▸ PROVIDED RECORDS
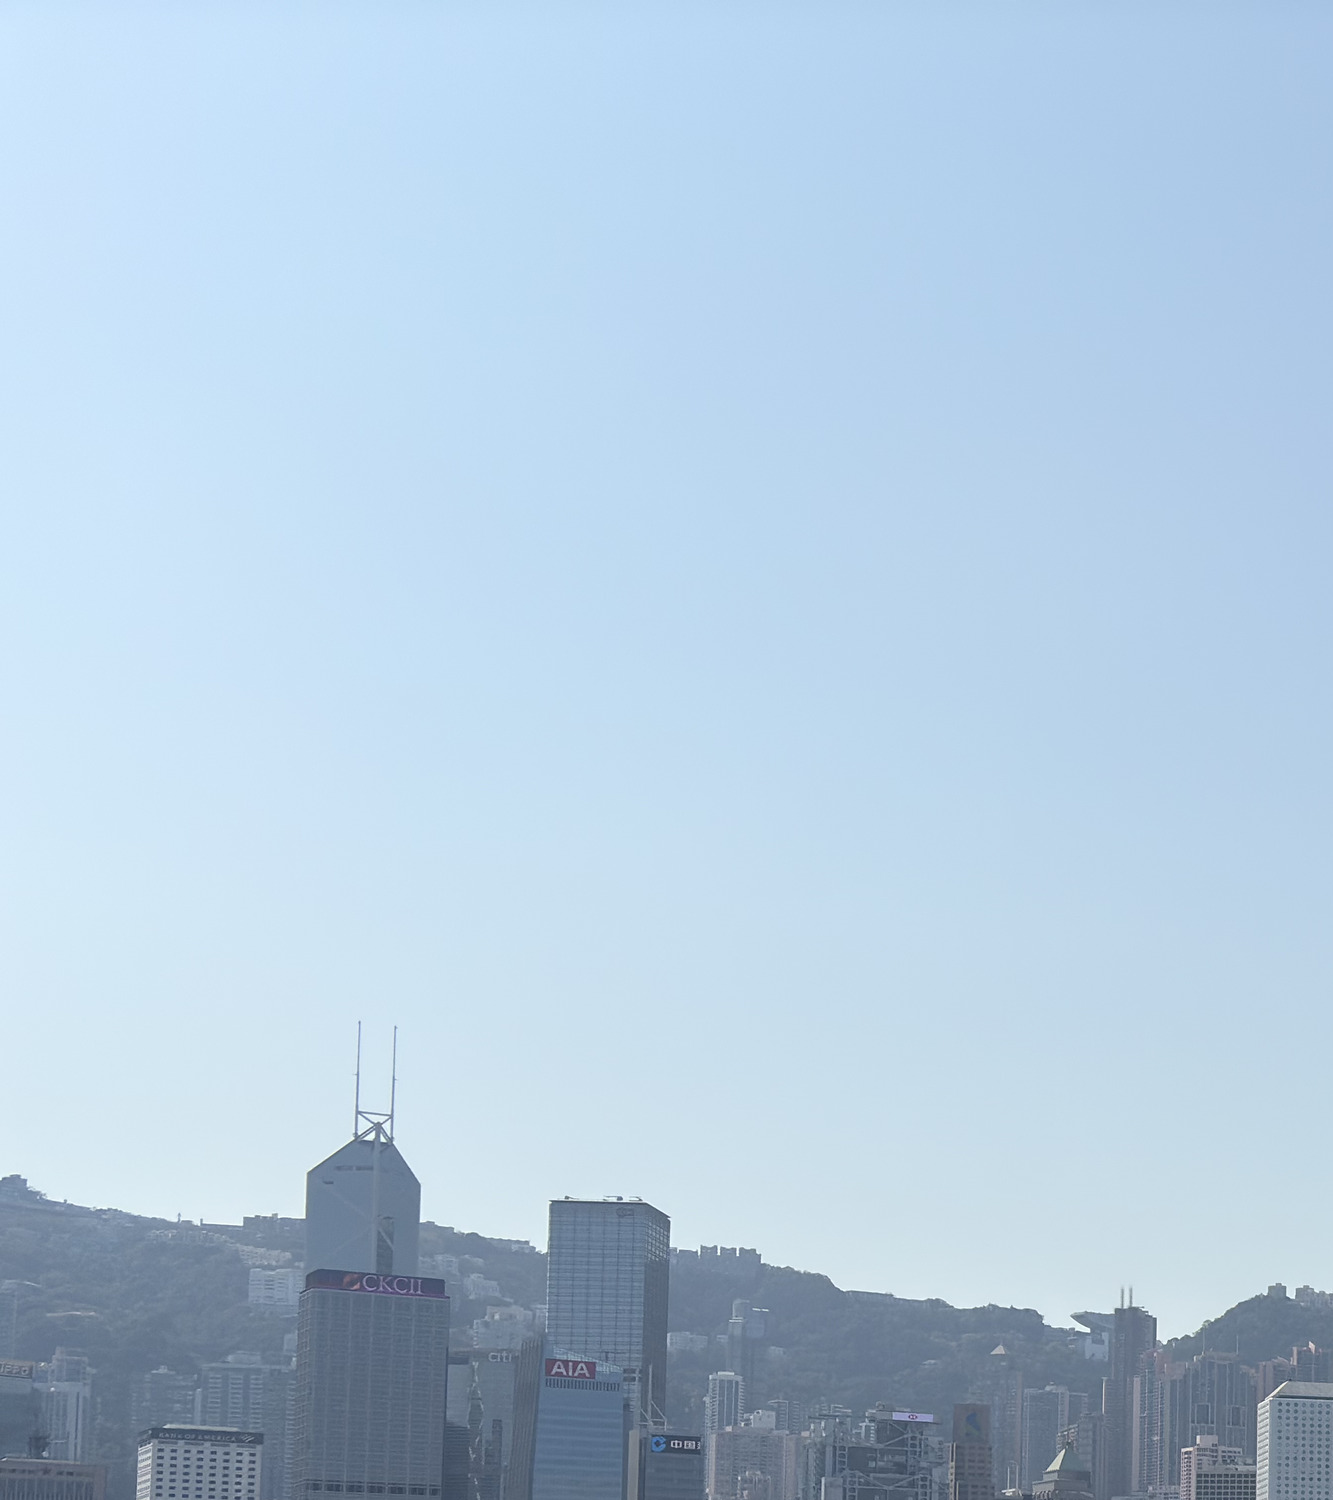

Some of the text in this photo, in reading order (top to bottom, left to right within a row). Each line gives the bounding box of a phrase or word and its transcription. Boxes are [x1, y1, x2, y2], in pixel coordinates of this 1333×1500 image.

[487, 1351, 513, 1363] citi
[550, 1361, 590, 1378] AIA
[158, 1432, 184, 1440] BANK
[197, 1434, 237, 1442] AMERICA
[670, 1439, 700, 1450] 中国
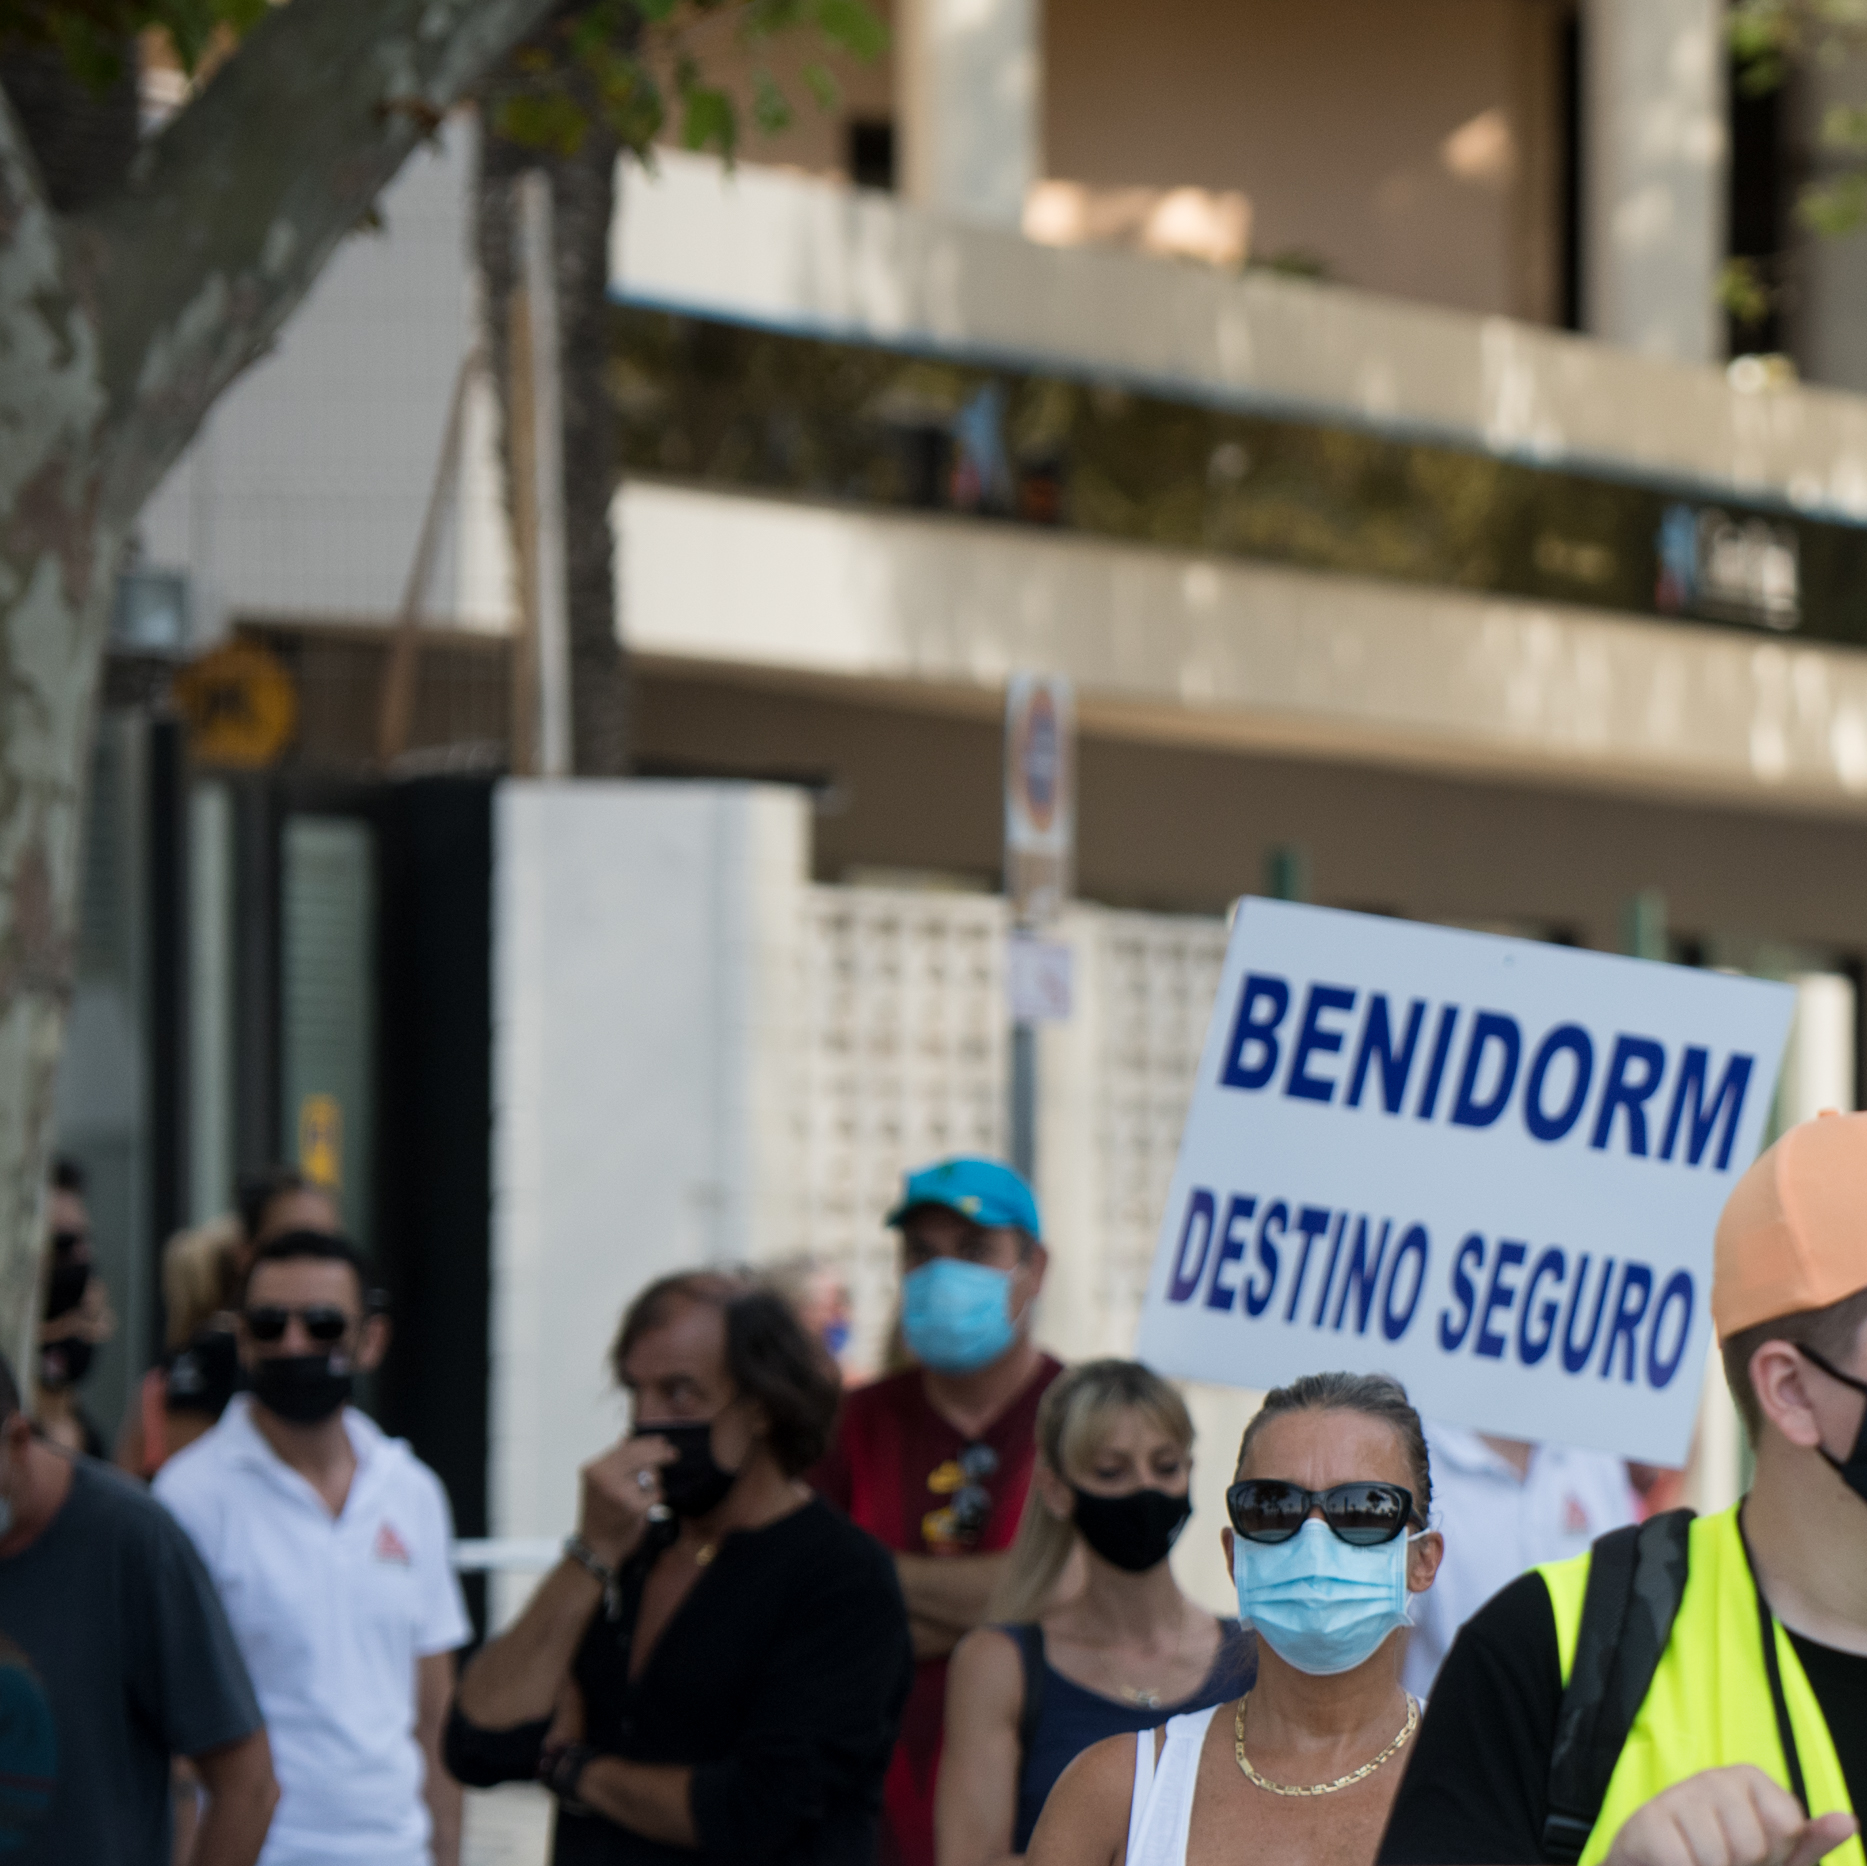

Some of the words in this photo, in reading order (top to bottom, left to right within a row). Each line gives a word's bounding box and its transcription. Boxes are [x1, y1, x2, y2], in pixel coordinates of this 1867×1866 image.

[1217, 970, 1756, 1174] BENIDORM
[1166, 1185, 1430, 1342] DESTINO
[1435, 1230, 1695, 1391] SEGURO
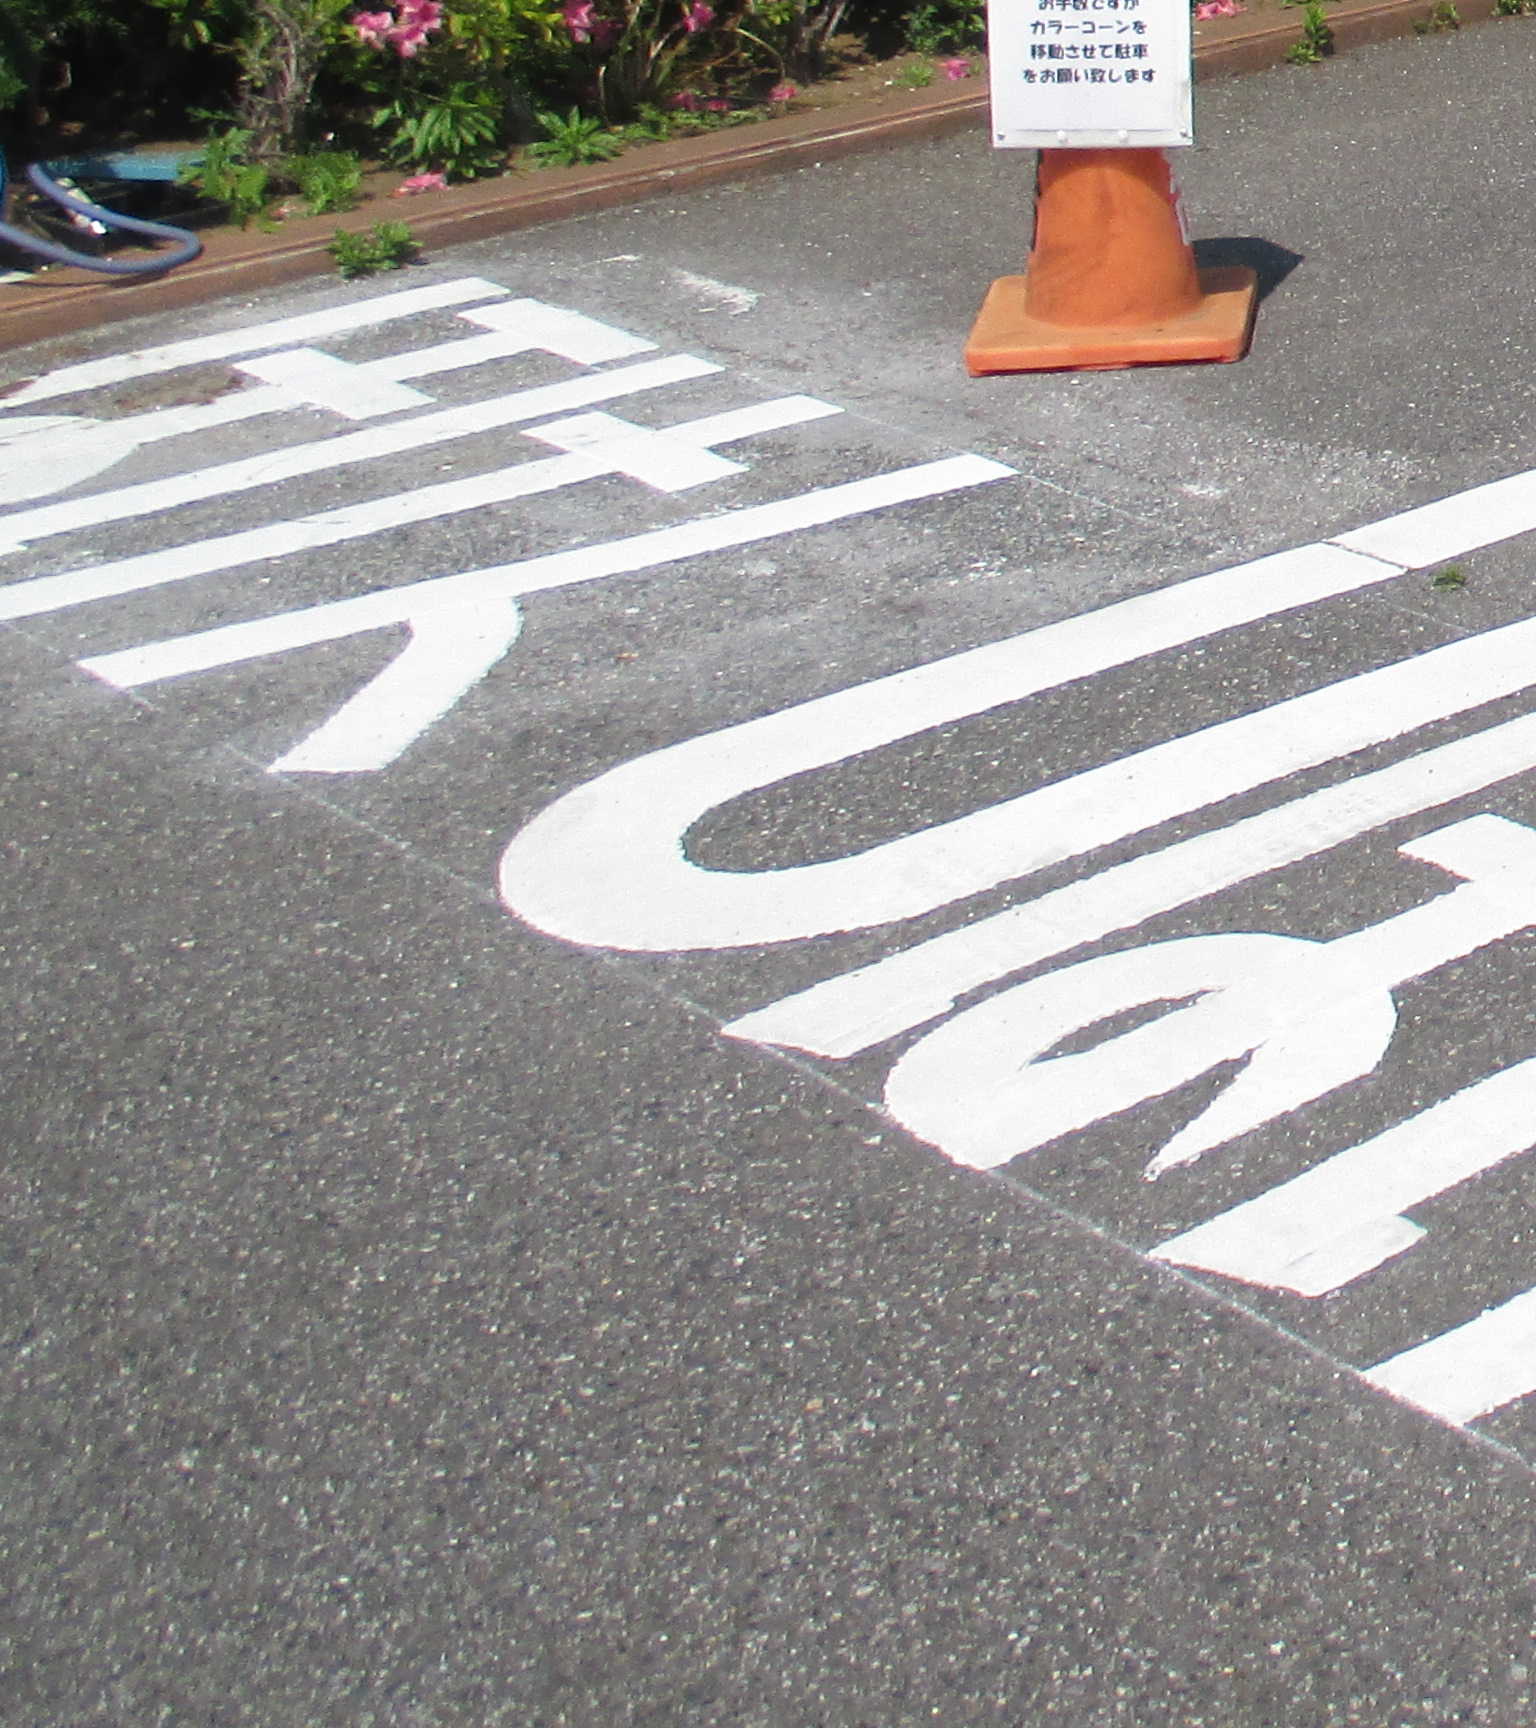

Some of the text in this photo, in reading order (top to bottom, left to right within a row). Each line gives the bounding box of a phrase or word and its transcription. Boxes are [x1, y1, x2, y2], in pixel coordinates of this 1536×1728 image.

▸ PROBLEM REQUIREMENTS
The listing above, line by line: print it exactly, but not its pictures.

▸ WRITTEN ANSWER
Some of the text in this photo, in reading order (top to bottom, left to right within a row). Each line gives the bounding box of a phrase or word and its transcription. Boxes are [x1, y1, x2, y2], in pixel coordinates of this 1333×1500 image.

[487, 1351, 513, 1363] citi
[550, 1361, 590, 1378] AIA
[158, 1432, 184, 1440] BANK
[197, 1434, 237, 1442] AMERICA
[670, 1439, 700, 1450] 中国

Some of the words in this photo, in reading order (top to bottom, left to right within a row). Each line gives a word's bounding box and its transcription. Boxes are [x1, y1, x2, y2], in pixel coordinates of this 1867×1866 image.

[1217, 970, 1756, 1174] BENIDORM
[1166, 1185, 1430, 1342] DESTINO
[1435, 1230, 1695, 1391] SEGURO

Some of the text in this photo, in reading order (top to bottom, left to right within a row). Each line gives the bounding box of a phrase or word and its transcription. Boxes are [x1, y1, x2, y2], in pixel coordinates of this 1536×1728 image.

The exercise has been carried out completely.